Stored data entries
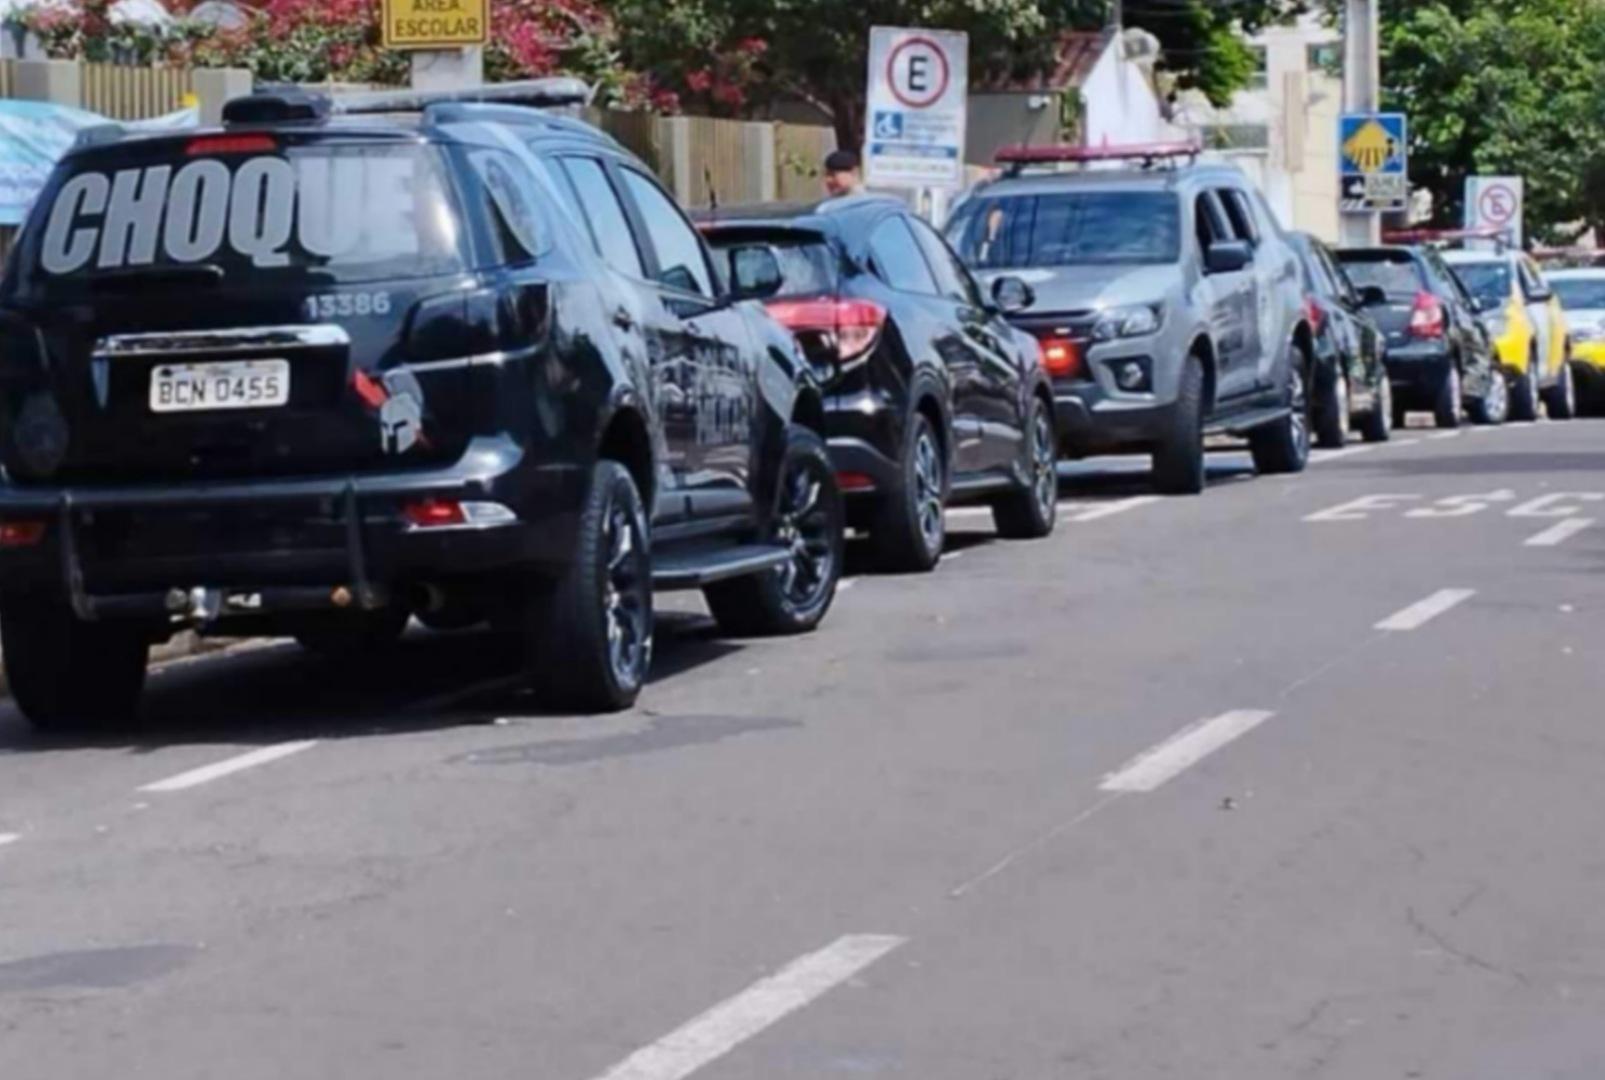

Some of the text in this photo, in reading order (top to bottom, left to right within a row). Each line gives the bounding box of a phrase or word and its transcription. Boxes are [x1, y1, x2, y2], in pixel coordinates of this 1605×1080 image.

[395, 17, 478, 37] ESCOLAR
[908, 55, 928, 92] E
[41, 156, 419, 275] CHOQUE
[306, 291, 390, 318] 13386
[159, 376, 279, 404] BCN 0455

Task description
Leaving out any pictures, write the records above out exactly as they are.

Response area
Some of the text in this photo, in reading order (top to bottom, left to right within a row). Each line gives the bounding box of a phrase or word and its transcription. Boxes are [x1, y1, x2, y2], in pixel coordinates of this 1605×1080 image.

[395, 17, 478, 37] ESCOLAR
[908, 55, 928, 92] E
[41, 156, 419, 275] CHOQUE
[306, 291, 390, 318] 13386
[159, 376, 279, 404] BCN 0455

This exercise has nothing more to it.